Os instrumentais de Filho das Ruas II podiam servir qualquer faixa contemporânea, com versos espaçados e refrões de uma só palavra, só que a abordagem de Edson Silva impossibilita qualquer comparação ou mesmo um enquadramento na big picture. O que aqui há de trap já havia em NGA antes sequer do sub-género, como o conhecemos, existir, e o que o rapper tem de hip hop, pensando na expressão cultural que tem décadas de vida, continua tão vivo como sempre, incluindo os tempos em que o acusavam do oposto. Não será por acaso que este álbum tenha, como tiveram os anteriores, tantas referências à cultura e ao movimento, sem que isso faça parte do seu marketing.

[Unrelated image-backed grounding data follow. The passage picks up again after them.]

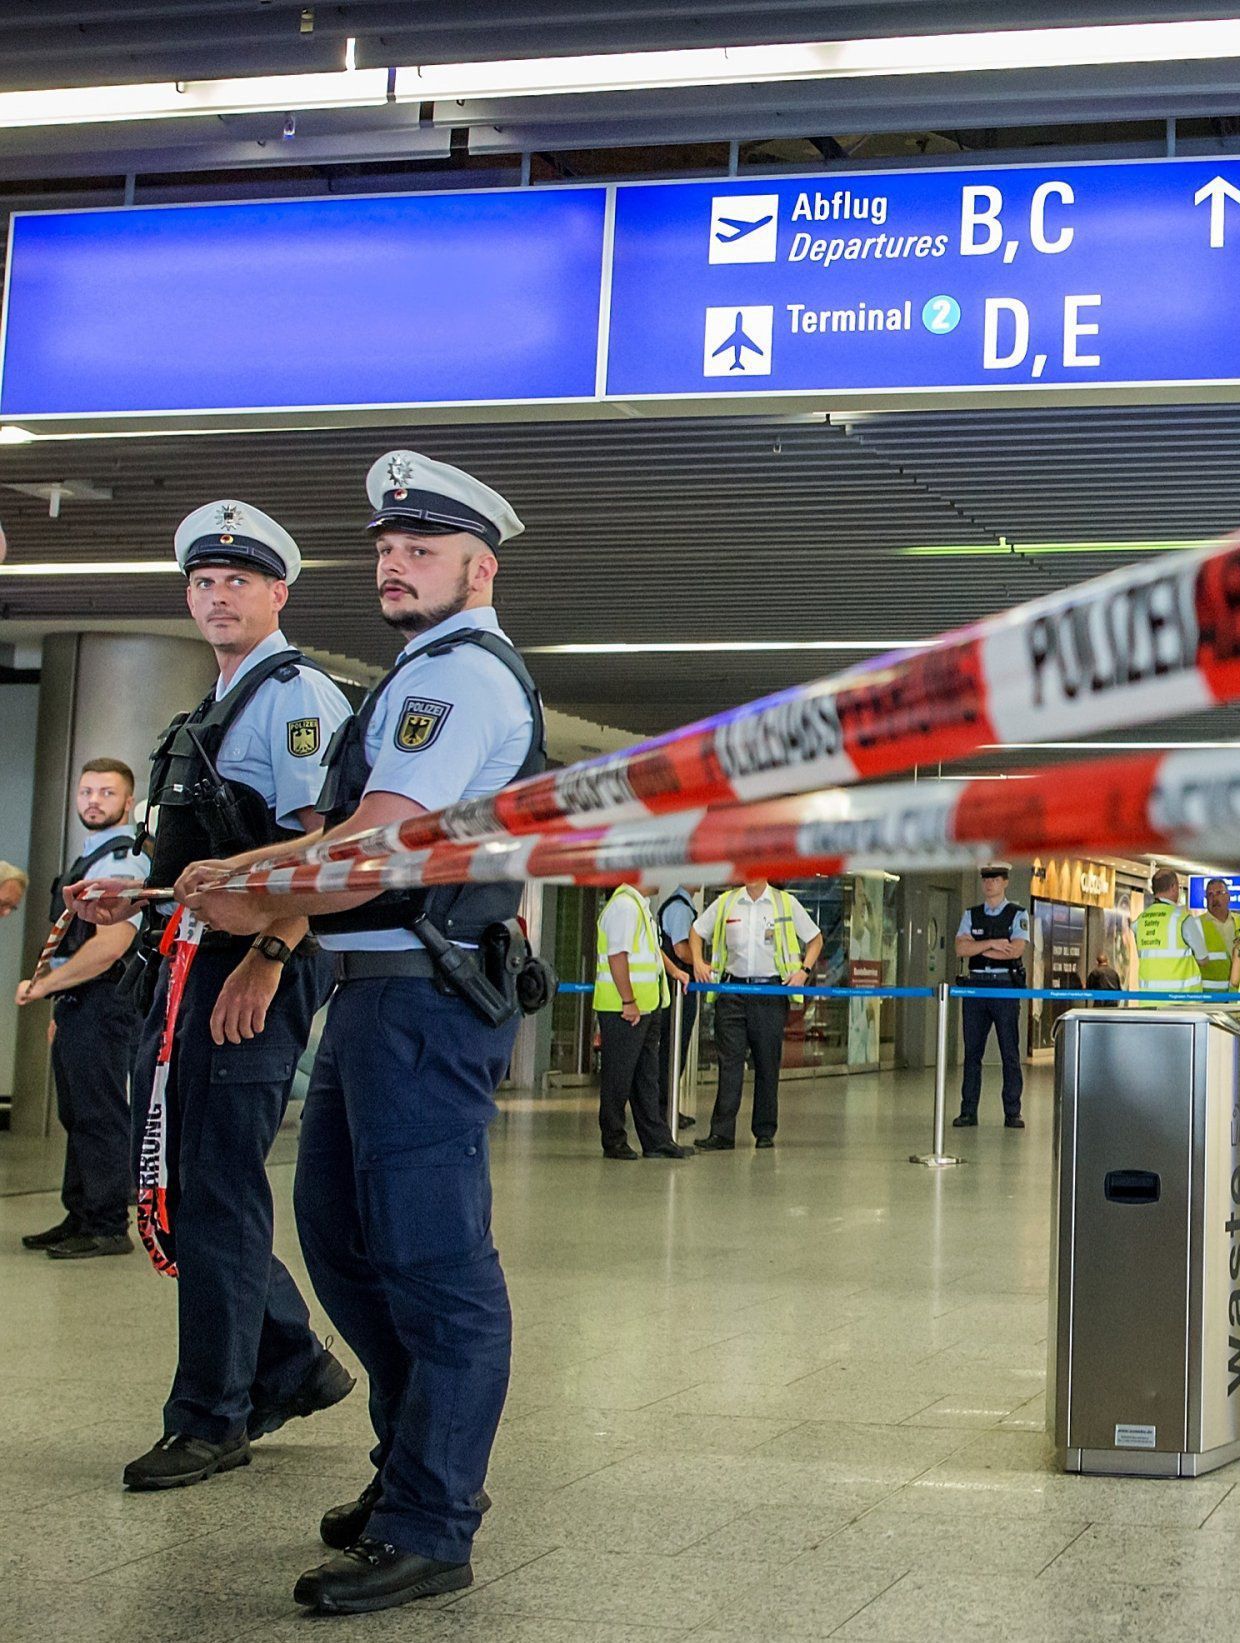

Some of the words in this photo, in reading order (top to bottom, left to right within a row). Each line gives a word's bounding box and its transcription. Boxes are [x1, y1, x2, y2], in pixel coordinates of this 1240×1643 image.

[791, 191, 888, 225] Abflug
[959, 180, 1075, 264] B,C
[788, 232, 948, 267] Departures
[787, 300, 911, 334] Terminal
[983, 294, 1102, 378] D,E
[290, 717, 317, 730] POLIZEI
[407, 701, 444, 715] POLIZEI
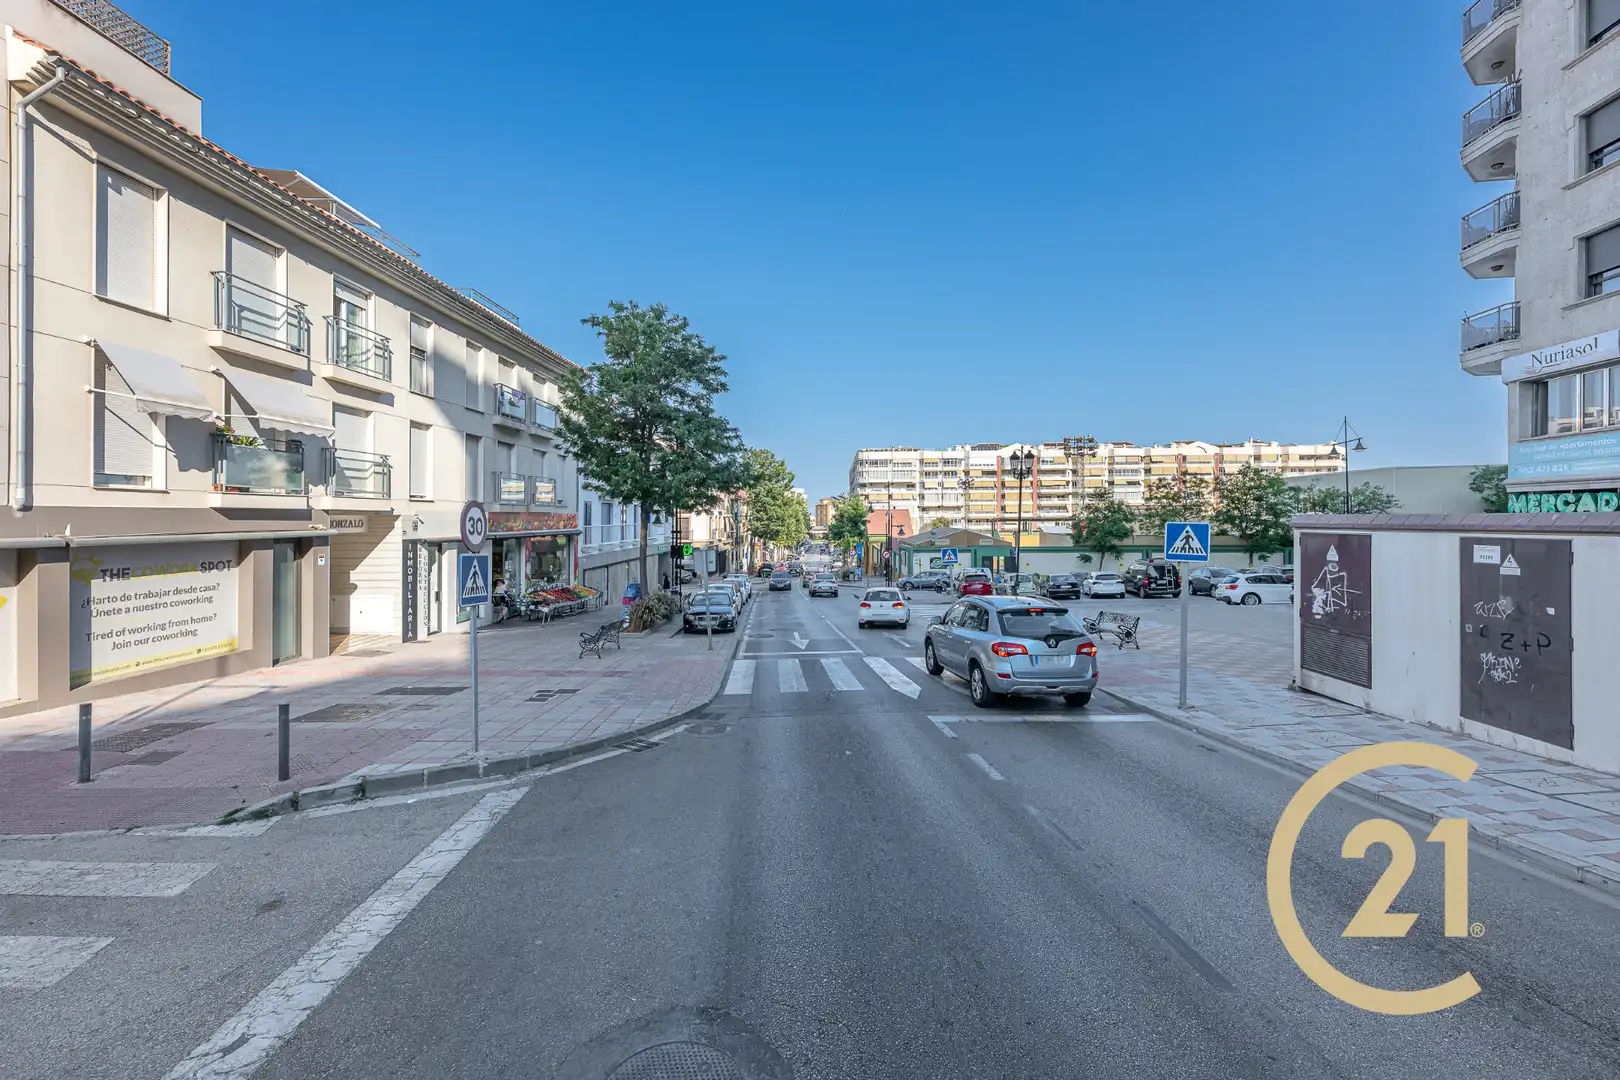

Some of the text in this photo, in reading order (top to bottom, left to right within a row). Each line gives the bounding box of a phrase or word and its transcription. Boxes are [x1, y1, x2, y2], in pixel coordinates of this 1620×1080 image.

[1531, 337, 1598, 367] Nuriasol
[1508, 492, 1620, 513] MERCAD
[468, 517, 483, 537] 30
[81, 582, 220, 609] ¿Harto de trabajar desde casa?
[91, 595, 214, 618] Únete a nuestro coworking
[85, 612, 217, 642] Tired of working from home?
[111, 628, 198, 651] Join our coworking
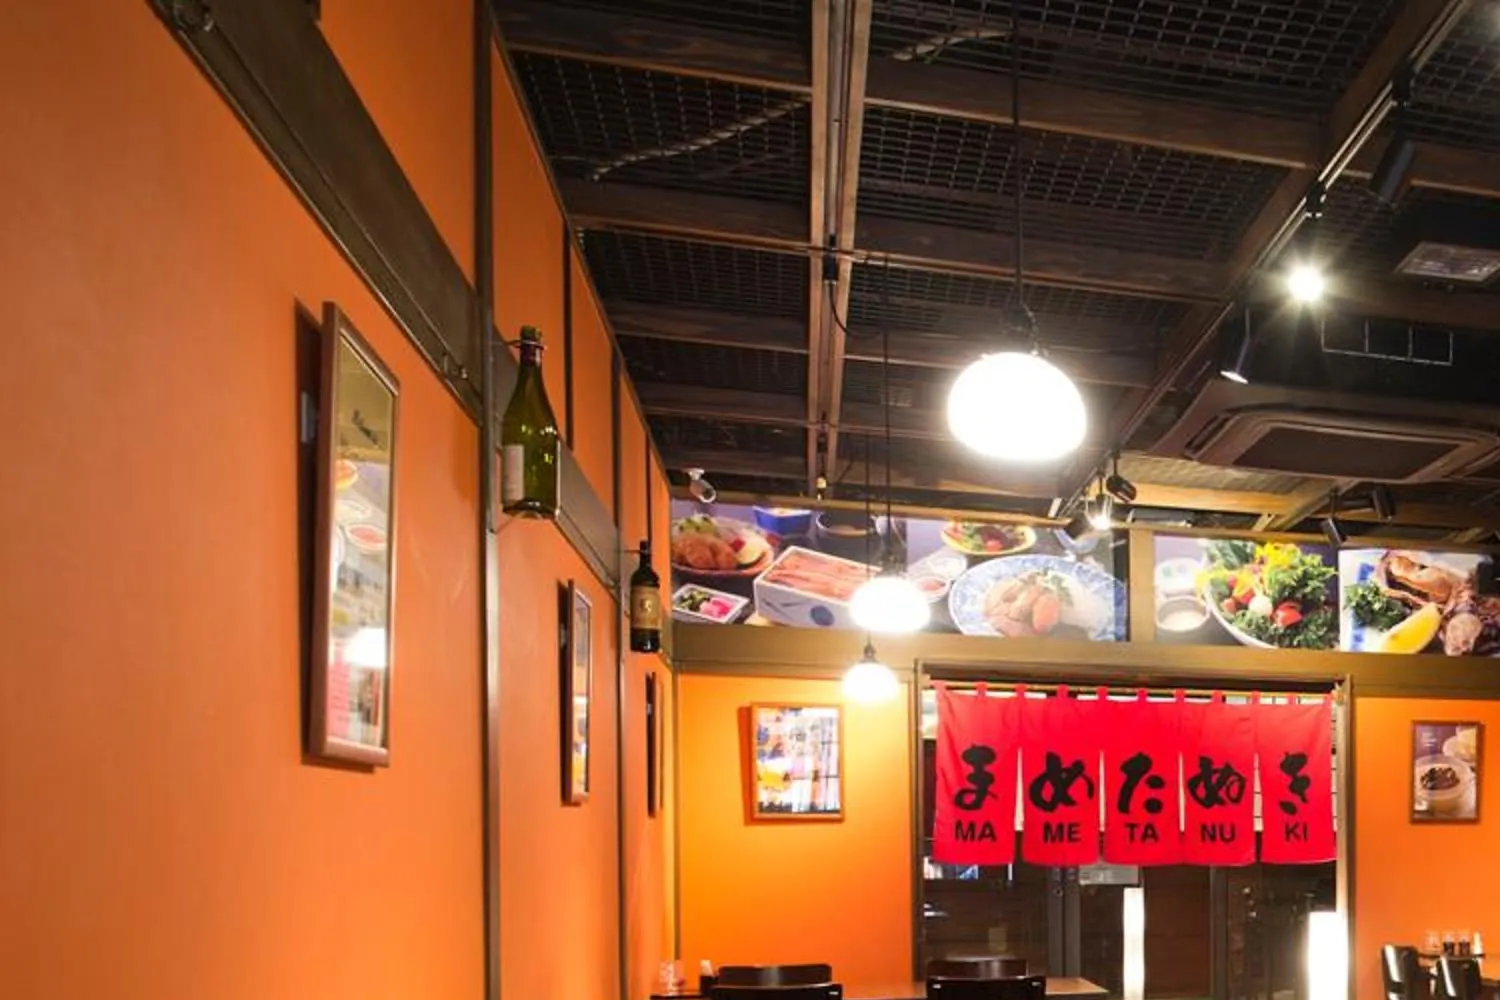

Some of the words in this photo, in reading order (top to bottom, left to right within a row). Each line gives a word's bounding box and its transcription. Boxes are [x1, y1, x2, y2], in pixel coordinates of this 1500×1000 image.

[954, 821, 997, 842] MA
[1043, 823, 1081, 842] ME
[1123, 823, 1159, 842] TA
[1201, 824, 1236, 843] NU
[1285, 823, 1308, 841] KI
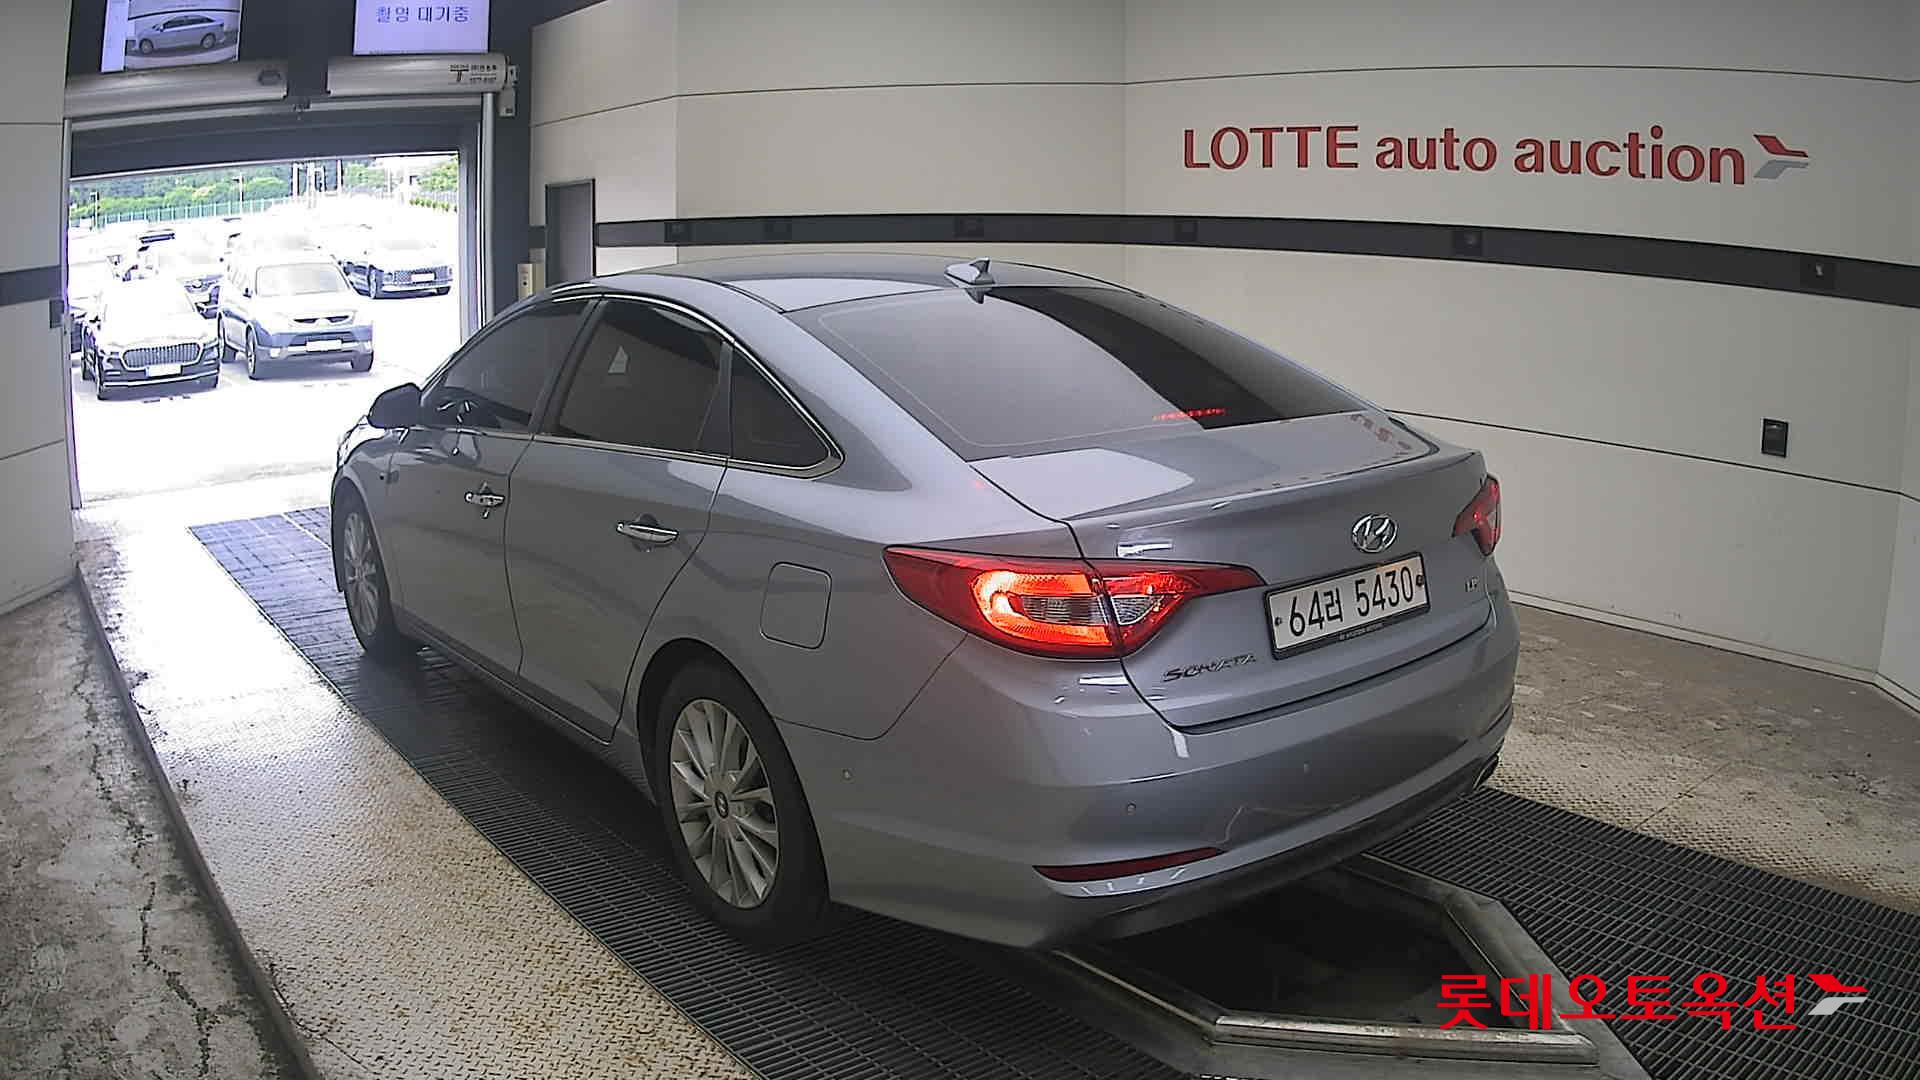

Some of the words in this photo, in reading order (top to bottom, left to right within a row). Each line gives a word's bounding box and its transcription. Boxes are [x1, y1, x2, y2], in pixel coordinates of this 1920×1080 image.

Os refrões mal conseguidos, como o de “Tu Não Sabes”, importam tanto quanto os de Lil Wayne na sua Dedication 6, quando comparados com a magnitude dos versos: nada. Os graves ditam o tom, a militância convicta pavimenta o caminho e o amor trata do resto. Não há nada neste disco que NGA ainda não tivesse trazido, só que agora, além de preservar e fortalecer todas as suas característica essenciais, mudou o foco para o que realmente importa, e é em linhas como “desde que eu te perdi, todas as mães angolanas são um bocado minhas” que vive a força da sua música.